Goal of the exercise: Line by line, copy the records below exactly and leave the pictures out.

*** Available records Section Begins ***

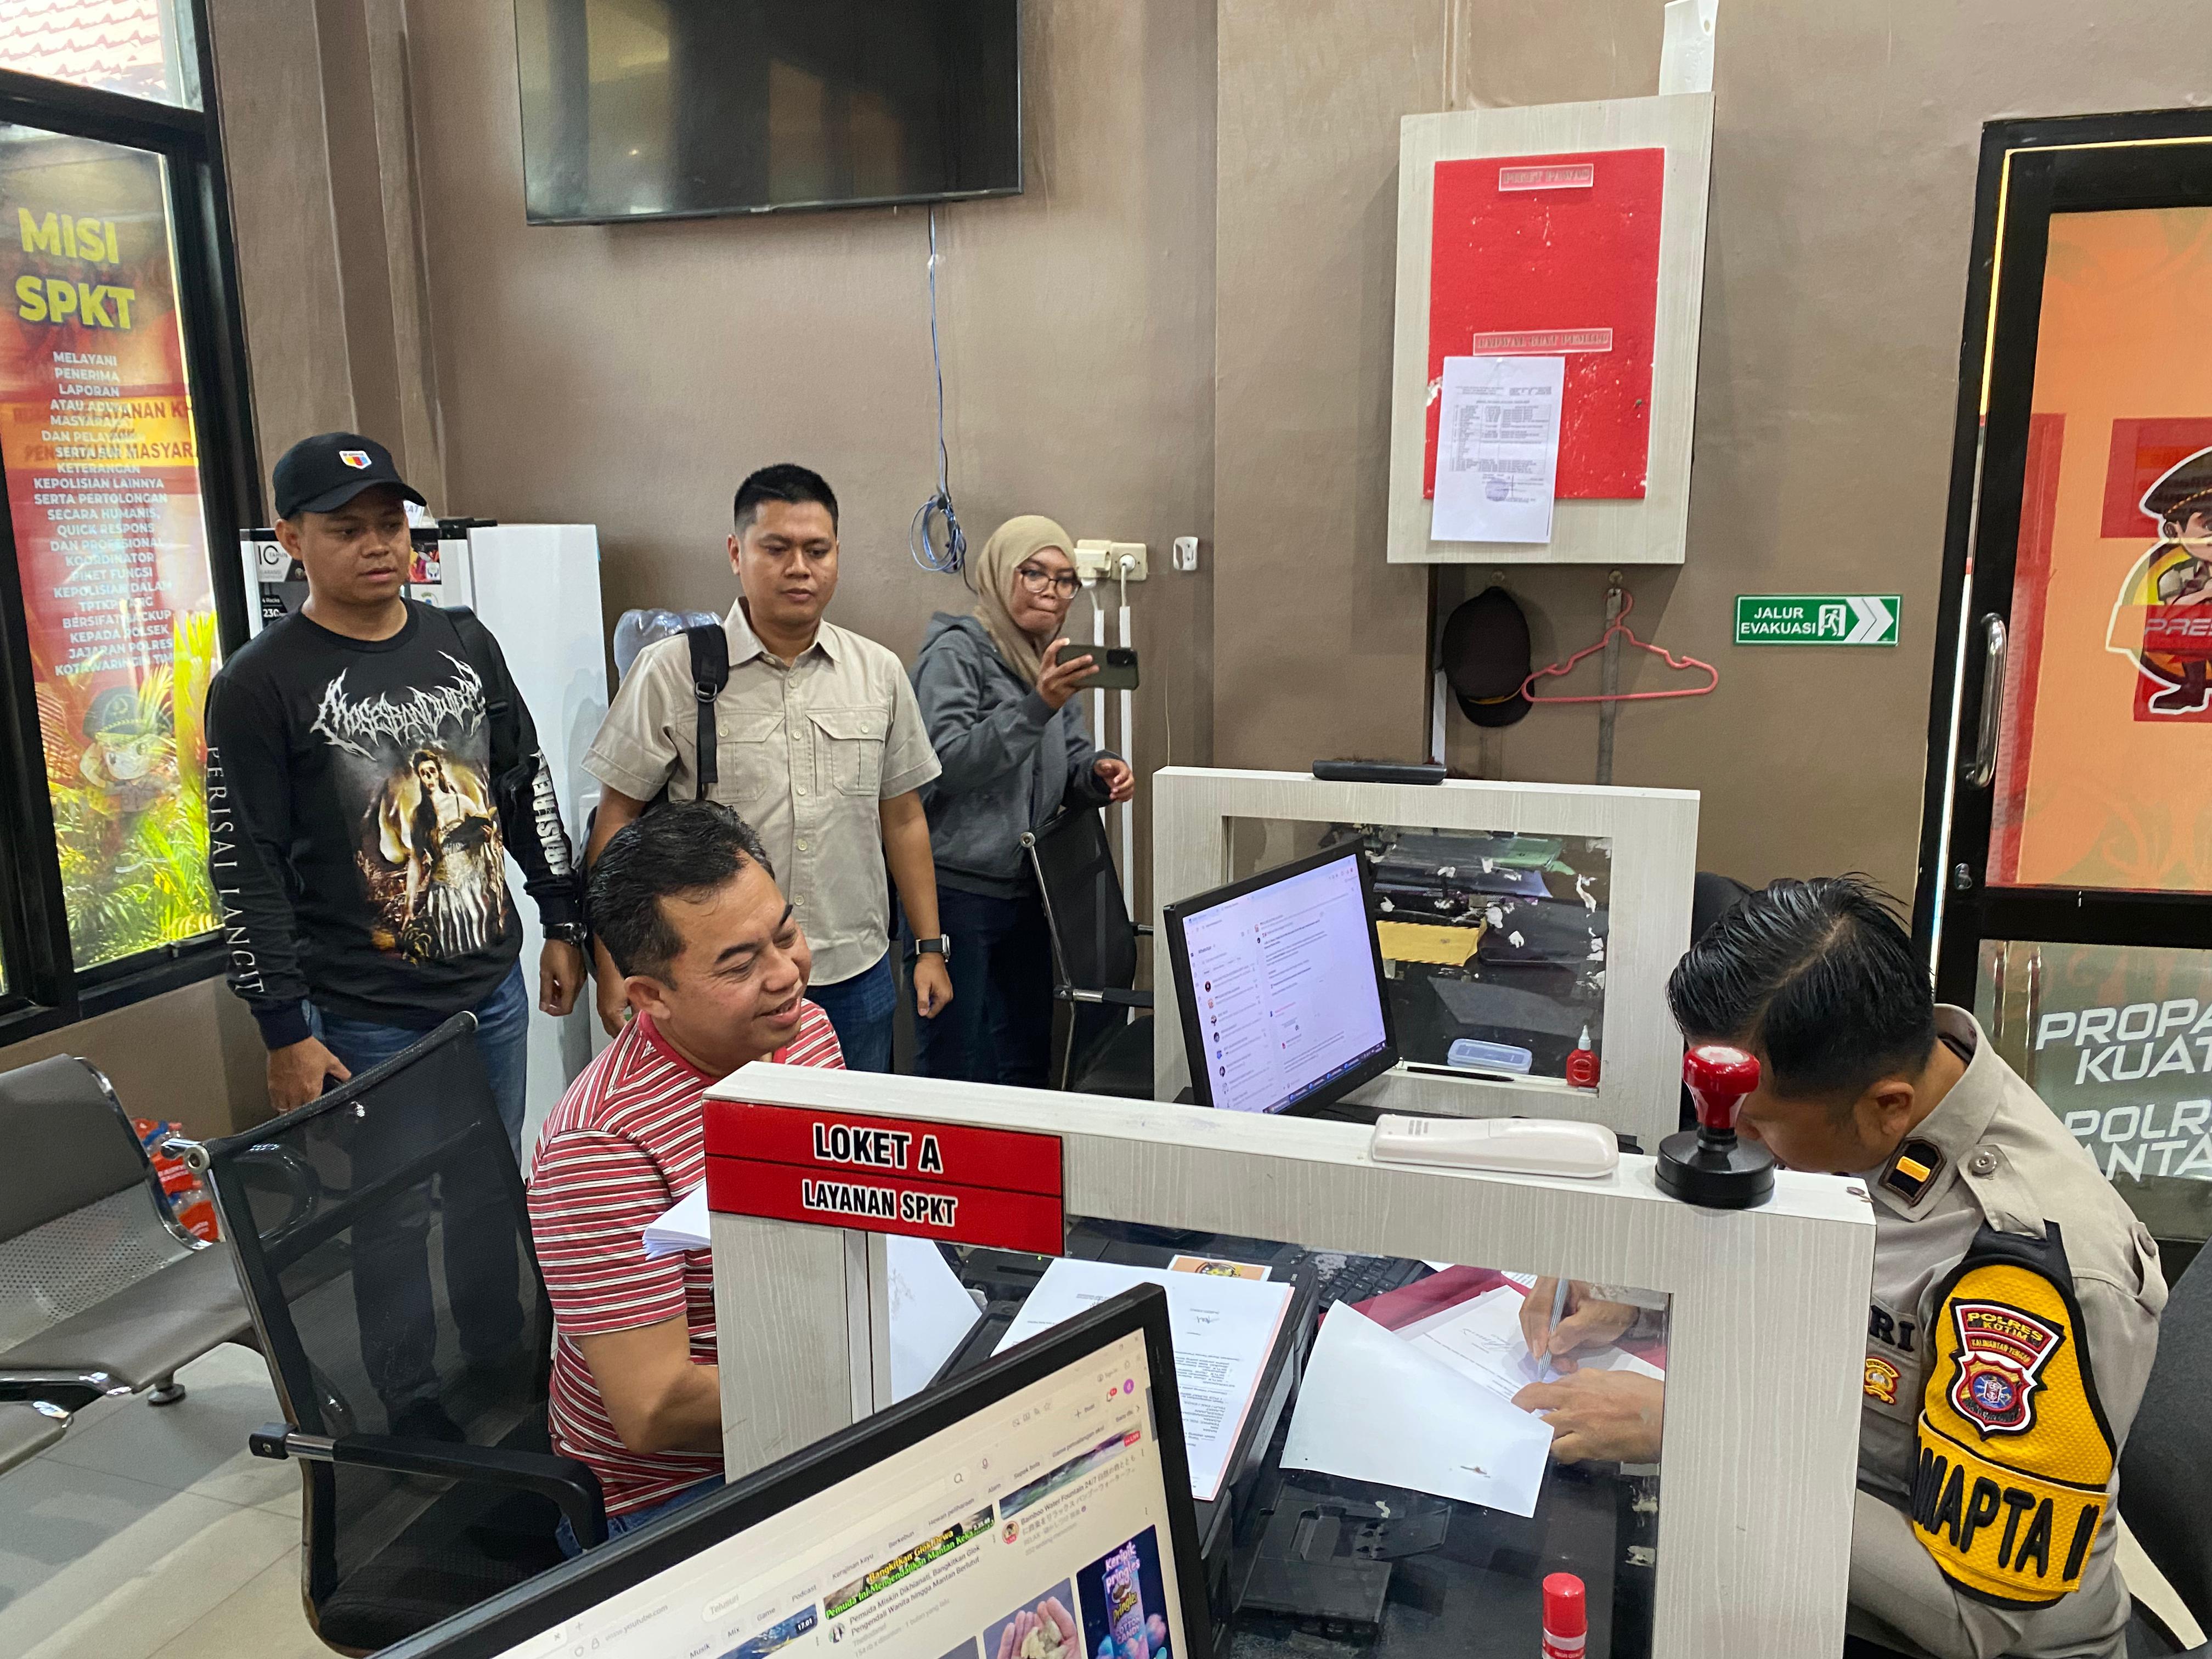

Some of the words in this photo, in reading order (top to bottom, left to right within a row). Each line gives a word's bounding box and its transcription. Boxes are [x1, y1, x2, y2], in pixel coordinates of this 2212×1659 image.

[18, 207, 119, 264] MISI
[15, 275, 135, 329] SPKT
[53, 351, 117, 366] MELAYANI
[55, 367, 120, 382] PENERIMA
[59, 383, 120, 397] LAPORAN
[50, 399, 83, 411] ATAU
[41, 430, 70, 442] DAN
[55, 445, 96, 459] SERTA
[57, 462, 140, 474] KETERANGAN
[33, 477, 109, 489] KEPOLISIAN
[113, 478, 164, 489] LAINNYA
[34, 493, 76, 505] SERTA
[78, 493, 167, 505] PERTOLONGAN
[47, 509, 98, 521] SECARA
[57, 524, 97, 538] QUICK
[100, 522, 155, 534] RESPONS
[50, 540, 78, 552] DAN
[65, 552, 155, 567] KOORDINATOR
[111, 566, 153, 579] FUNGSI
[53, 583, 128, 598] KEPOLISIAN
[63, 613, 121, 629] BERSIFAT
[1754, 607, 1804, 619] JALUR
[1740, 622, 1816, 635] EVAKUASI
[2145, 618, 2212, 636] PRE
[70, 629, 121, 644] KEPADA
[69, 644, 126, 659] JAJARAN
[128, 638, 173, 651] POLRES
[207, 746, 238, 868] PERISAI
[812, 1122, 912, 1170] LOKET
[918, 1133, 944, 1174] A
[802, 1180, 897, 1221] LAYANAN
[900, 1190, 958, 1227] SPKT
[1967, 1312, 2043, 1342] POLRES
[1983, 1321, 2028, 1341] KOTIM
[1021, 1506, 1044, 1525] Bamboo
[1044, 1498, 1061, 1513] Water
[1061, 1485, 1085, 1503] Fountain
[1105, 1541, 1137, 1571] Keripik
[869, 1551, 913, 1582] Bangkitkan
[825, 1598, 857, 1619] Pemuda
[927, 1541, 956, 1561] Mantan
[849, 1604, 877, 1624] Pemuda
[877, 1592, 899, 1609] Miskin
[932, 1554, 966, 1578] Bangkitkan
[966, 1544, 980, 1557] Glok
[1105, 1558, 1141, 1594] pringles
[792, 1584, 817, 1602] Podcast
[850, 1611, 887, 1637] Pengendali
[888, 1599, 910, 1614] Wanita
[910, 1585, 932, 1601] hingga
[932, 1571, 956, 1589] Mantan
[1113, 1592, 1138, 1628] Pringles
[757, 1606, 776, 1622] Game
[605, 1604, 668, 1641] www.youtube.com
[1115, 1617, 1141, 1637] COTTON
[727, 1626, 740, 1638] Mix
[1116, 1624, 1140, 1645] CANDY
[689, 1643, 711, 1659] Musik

*** Available records Section Ends ***

Response to this exercise:
Some of the words in this photo, in reading order (top to bottom, left to right within a row). Each line gives a word's bounding box and its transcription. Boxes are [x1, y1, x2, y2], in pixel coordinates of this 2212×1659 image.

[18, 207, 119, 264] MISI
[15, 275, 135, 329] SPKT
[53, 351, 117, 366] MELAYANI
[55, 367, 120, 382] PENERIMA
[59, 383, 120, 397] LAPORAN
[50, 399, 83, 411] ATAU
[41, 430, 70, 442] DAN
[55, 445, 96, 459] SERTA
[57, 462, 140, 474] KETERANGAN
[33, 477, 109, 489] KEPOLISIAN
[113, 478, 164, 489] LAINNYA
[34, 493, 76, 505] SERTA
[78, 493, 167, 505] PERTOLONGAN
[47, 509, 98, 521] SECARA
[57, 524, 97, 538] QUICK
[100, 522, 155, 534] RESPONS
[50, 540, 78, 552] DAN
[65, 552, 155, 567] KOORDINATOR
[111, 566, 153, 579] FUNGSI
[53, 583, 128, 598] KEPOLISIAN
[63, 613, 121, 629] BERSIFAT
[1754, 607, 1804, 619] JALUR
[1740, 622, 1816, 635] EVAKUASI
[2145, 618, 2212, 636] PRE
[70, 629, 121, 644] KEPADA
[69, 644, 126, 659] JAJARAN
[128, 638, 173, 651] POLRES
[207, 746, 238, 868] PERISAI
[812, 1122, 912, 1170] LOKET
[918, 1133, 944, 1174] A
[802, 1180, 897, 1221] LAYANAN
[900, 1190, 958, 1227] SPKT
[1967, 1312, 2043, 1342] POLRES
[1983, 1321, 2028, 1341] KOTIM
[1021, 1506, 1044, 1525] Bamboo
[1044, 1498, 1061, 1513] Water
[1061, 1485, 1085, 1503] Fountain
[1105, 1541, 1137, 1571] Keripik
[869, 1551, 913, 1582] Bangkitkan
[825, 1598, 857, 1619] Pemuda
[927, 1541, 956, 1561] Mantan
[849, 1604, 877, 1624] Pemuda
[877, 1592, 899, 1609] Miskin
[932, 1554, 966, 1578] Bangkitkan
[966, 1544, 980, 1557] Glok
[1105, 1558, 1141, 1594] pringles
[792, 1584, 817, 1602] Podcast
[850, 1611, 887, 1637] Pengendali
[888, 1599, 910, 1614] Wanita
[910, 1585, 932, 1601] hingga
[932, 1571, 956, 1589] Mantan
[1113, 1592, 1138, 1628] Pringles
[757, 1606, 776, 1622] Game
[605, 1604, 668, 1641] www.youtube.com
[1115, 1617, 1141, 1637] COTTON
[727, 1626, 740, 1638] Mix
[1116, 1624, 1140, 1645] CANDY
[689, 1643, 711, 1659] Musik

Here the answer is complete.